Former newsreader, and author of When One Door Closes, Peter Sissons, compares today's profession of broadcast journalism to that which he knew, and finds that the facts have become a lot less important...
This blogging business is not easy for me. I have spent a long career in News not having opinions. Anyone who joined ITN in the sixties was told that the first thing they had to do was to go round to the Middlesex hospital for an opinionectomy. ITN journalists were not encouraged to have opinions – ‘we report, you decide’ was the ethos. An old friend of mine, the newscaster Gordon Honeycombe, was suspended by ITN, and resigned not long afterwards, for writing in support of the 1977 strike by firefighters. Today it would be normal for him to have a blog, in which he could tell you what he really thought about all those facts that he spent all that time reading out during his day job. No longer are correspondents expected to stick to the facts, they are actively encouraged to voice their opinions about them. When I was a specialist correspondent in the seventies – ITN’s Industrial and Economics Editor – it would have been more than my job was worth to tell you what I thought. I could tell the viewer about the significance of an event or development – to put it in some sort of political, economic or historical context, but that was as far as it went. Now it's practically routine for anchors and interviewers to indicate where they are coming from. An interviewee can find him or herself having not just to handle searching questions in a TV or radio studio, but to fend off the personal prejudices of the interviewer.
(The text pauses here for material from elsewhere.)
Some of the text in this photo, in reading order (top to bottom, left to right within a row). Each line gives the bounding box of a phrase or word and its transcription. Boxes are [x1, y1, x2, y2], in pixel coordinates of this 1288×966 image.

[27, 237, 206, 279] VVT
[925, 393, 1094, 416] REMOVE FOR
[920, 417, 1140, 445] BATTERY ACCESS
The advent of 24 hour news has accelerated the erosion of the line between fact and opinion, with some reporters now seemingly unaware of the difference. Keeping it to the facts no longer seems even an aspiration. The pressure on reporters to fill the generous time available often means that the facts in a given situation are soon exhausted. It's then that speculation takes over, driven by opinion, and stoked by studio anchors under instructions from the control gallery to keep the dialogue going with the reporter on the spot. Does it make for better broadcast journalism? The question answers itself. The name of the game is to entertain, as much as to inform.
And it's here that I have a confession to make. I was not squeaky clean in this regard. I was always personally prejudiced – and still am – in favour of certain people. They were people who all had one thing in common, and that was Enthusiasm. Enthusiasm for their work, project or calling. An Enthusiasm that was infectious. The motor industry once produced them by the score. Likewise the aviation industry, which still does, Branson being the natural heir to Laker. In politics, Enthusiasm is a necessary, although not a sufficient, attribute for success. Until you are rumbled, Enthusiasm makes it more likely that the public, and not just the commentariat, will give you the benefit of the doubt. Cameron clearly has it; Ed Miliband hasn't, although he tries to pretend he has. Blair had it, Brown didn't. Boris Johnson has it, while Livingstone's enthusiasm for Boris's job appears to many as obsessive ambition. While leading the Conservative Party, Hague and Duncan Smith appeared to have no Enthusiasm at all.
I was reminded of all this while watching the TV coverage of England's friendly against the Netherlands last Wednesday evening. Every time the cameras cut to Stuart Pearce, the acting England manager, there was the most telling evidence that he shouldn’t be in charge of any football team, let alone the national side. The Enthusiasm deficit was there for all to see. When Ashley Young's equaliser hit the back of the net, Pearce didn't turn a hair. When Smalling was carried off on a stretcher, Pearce appeared to give him little more than a cursory glance, before resuming his seat, on which he sat for most of the game like a caretaker at a chapel of rest. Contrast Pearce’s demeanour with the boyish joy shown on the touchline by the likes of Kenny Dalglish, Martin O'Neill or Harry Redknapp when their teams have something to celebrate. You can see why players want to play for them. It's just like life really.